The implications of this for school were brought home to me by an incident involving one of my sons. He was in the second grade, and a sign on the blackboard read, DON'T BE AFRAID TO ASK. One day, when the teacher chastised a boy for asking a question, my son called out, "Don't be afraid to ask," and promptly got into trouble. His first-grade teacher, recounting the story to me, recognized a sensitivity and honesty she had encouraged and valued. What often appears as boys' intransigence, as disruptiveness, indifference or confrontation, may instead be a refusal to engage in false relationship.

 

It is in the adamancy of this refusal that boys will be boys, turning away from rather than seeking to repair or smooth over such ruptures as girls tend to do. This may explain why more boys disconnect from school. It also suggests, as my work with girls has shown, that an effective strategy for preventing boys' psychological difficulties and educational problems would involve recognizing their sensitivities, building honest relationships and strengthening a healthy capacity for resistance.

 

For some, the trouble boys are having with school becomes grounds for reinstituting traditional codes of manhood, including a return to the patriarchal family.

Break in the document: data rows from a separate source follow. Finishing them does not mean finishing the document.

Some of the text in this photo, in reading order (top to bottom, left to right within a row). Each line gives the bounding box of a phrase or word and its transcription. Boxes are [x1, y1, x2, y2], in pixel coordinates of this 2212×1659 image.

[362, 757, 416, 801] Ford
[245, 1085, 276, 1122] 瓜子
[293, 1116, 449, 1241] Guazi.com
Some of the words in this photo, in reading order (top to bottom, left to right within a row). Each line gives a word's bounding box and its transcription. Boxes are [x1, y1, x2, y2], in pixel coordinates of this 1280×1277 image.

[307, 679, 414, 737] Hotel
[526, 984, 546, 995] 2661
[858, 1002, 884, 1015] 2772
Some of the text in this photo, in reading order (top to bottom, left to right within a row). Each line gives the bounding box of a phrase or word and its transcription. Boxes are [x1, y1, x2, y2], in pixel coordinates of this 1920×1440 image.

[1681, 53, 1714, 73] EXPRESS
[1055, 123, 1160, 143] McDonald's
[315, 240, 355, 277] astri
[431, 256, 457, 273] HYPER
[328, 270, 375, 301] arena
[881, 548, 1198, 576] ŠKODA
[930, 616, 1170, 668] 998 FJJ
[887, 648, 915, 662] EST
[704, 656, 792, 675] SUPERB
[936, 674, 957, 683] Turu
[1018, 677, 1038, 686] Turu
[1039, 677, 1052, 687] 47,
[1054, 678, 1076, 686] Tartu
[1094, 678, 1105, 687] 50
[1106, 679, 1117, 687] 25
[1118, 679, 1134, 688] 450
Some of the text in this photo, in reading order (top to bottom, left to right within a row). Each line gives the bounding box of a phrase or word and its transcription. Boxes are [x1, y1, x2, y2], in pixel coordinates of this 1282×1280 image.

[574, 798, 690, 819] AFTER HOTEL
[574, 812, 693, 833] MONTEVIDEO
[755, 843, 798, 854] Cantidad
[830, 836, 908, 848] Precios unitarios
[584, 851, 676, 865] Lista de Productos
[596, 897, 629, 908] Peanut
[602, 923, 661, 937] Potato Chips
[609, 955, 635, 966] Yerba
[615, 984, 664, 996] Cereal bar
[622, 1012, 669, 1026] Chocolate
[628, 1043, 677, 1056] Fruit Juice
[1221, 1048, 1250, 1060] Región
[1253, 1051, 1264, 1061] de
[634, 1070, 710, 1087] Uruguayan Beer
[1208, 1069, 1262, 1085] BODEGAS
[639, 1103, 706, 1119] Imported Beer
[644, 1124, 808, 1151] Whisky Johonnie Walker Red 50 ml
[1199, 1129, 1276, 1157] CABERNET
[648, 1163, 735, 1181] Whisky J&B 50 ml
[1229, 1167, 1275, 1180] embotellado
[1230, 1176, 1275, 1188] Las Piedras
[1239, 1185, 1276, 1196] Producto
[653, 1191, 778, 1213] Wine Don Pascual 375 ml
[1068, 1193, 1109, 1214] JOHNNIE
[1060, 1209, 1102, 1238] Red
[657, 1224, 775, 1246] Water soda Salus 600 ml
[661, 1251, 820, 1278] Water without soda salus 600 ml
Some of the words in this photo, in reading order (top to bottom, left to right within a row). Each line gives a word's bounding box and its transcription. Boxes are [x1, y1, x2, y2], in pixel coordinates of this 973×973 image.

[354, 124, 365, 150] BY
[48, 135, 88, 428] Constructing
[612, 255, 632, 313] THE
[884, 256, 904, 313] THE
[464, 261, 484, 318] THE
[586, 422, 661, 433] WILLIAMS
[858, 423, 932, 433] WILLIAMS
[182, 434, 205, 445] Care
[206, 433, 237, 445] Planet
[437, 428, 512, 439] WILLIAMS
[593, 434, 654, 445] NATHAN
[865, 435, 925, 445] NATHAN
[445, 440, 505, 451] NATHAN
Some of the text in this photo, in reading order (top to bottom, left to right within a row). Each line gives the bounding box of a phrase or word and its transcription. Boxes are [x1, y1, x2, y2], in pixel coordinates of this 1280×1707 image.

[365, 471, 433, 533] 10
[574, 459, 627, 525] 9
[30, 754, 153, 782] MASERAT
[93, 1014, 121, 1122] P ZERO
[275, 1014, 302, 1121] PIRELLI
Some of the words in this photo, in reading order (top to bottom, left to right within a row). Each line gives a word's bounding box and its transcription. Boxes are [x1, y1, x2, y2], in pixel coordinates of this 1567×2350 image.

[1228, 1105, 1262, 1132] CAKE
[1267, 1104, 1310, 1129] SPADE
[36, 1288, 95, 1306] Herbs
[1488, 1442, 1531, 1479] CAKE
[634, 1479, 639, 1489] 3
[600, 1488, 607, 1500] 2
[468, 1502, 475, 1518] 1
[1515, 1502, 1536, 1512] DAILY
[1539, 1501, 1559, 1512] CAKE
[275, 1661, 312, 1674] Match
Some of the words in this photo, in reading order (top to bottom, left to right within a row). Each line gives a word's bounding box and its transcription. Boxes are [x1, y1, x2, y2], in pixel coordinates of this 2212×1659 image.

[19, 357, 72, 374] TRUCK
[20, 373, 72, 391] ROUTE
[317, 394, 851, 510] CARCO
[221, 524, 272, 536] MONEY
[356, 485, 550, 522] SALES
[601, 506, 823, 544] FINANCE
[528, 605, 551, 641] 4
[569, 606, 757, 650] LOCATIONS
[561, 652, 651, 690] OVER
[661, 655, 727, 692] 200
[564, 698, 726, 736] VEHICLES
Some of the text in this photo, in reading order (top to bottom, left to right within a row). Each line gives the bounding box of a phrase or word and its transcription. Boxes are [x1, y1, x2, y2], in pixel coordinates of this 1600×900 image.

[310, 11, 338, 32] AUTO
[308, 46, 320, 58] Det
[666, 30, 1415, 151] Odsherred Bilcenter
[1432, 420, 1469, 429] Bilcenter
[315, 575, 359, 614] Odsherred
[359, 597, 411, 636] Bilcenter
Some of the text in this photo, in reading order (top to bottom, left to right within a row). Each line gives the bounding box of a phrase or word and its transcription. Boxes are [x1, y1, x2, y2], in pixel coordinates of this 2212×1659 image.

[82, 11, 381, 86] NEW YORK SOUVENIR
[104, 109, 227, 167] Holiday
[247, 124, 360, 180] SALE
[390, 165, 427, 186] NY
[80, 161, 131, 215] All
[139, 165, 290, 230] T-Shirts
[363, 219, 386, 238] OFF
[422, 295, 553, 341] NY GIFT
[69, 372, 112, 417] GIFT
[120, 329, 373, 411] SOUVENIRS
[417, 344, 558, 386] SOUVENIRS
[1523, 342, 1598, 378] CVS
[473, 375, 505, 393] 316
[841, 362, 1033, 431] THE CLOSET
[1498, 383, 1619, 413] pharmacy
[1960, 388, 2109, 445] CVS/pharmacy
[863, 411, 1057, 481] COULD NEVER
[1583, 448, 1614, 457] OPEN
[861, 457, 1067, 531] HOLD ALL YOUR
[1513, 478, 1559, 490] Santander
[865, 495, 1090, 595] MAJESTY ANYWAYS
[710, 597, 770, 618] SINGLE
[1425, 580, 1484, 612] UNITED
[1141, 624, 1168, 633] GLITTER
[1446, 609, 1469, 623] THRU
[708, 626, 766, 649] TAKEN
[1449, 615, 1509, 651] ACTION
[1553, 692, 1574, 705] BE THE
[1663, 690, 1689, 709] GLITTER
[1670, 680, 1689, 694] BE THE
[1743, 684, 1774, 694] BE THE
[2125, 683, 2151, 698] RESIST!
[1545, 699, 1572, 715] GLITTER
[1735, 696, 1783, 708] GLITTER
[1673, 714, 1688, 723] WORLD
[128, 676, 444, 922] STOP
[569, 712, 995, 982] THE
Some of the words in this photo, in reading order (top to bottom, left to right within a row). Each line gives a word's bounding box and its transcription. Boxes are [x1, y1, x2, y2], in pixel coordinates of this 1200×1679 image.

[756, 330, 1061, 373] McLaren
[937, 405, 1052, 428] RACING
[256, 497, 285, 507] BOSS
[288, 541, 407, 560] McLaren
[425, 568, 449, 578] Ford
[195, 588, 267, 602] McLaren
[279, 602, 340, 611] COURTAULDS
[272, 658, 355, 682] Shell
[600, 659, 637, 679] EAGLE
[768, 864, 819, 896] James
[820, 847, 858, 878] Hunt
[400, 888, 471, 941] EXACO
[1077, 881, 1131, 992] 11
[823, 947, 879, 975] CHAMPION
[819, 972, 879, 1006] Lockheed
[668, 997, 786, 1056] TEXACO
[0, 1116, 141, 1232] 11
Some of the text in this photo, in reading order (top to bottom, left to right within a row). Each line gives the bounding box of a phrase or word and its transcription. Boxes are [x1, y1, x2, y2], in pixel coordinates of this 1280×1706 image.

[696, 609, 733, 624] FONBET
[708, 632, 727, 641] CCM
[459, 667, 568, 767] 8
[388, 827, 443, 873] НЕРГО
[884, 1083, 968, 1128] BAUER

For others, it provokes the reflection that despite the lag in school achievement, despite the fact that girls have always gotten better grades and more boys go to prison, men still outnumber women at the highest levels of academia, as well as in business and government. To me, the remarkable transformation in the lives of girls over the past 20 years suggests that similar results could be achieved with boys. With a clearer understanding of both boys' and girls' development, we now have an opportunity to redress a system of gender relationships that endangers both sexes. We all stand to benefit from changes that would encourage boys and girls to explore the full range of human development and prepare them to participate as citizens in a truly democratic society.

 

Gilligan is the author of "In a Different Voice" and "The Birth of Pleasure." She is a university professor at NYU.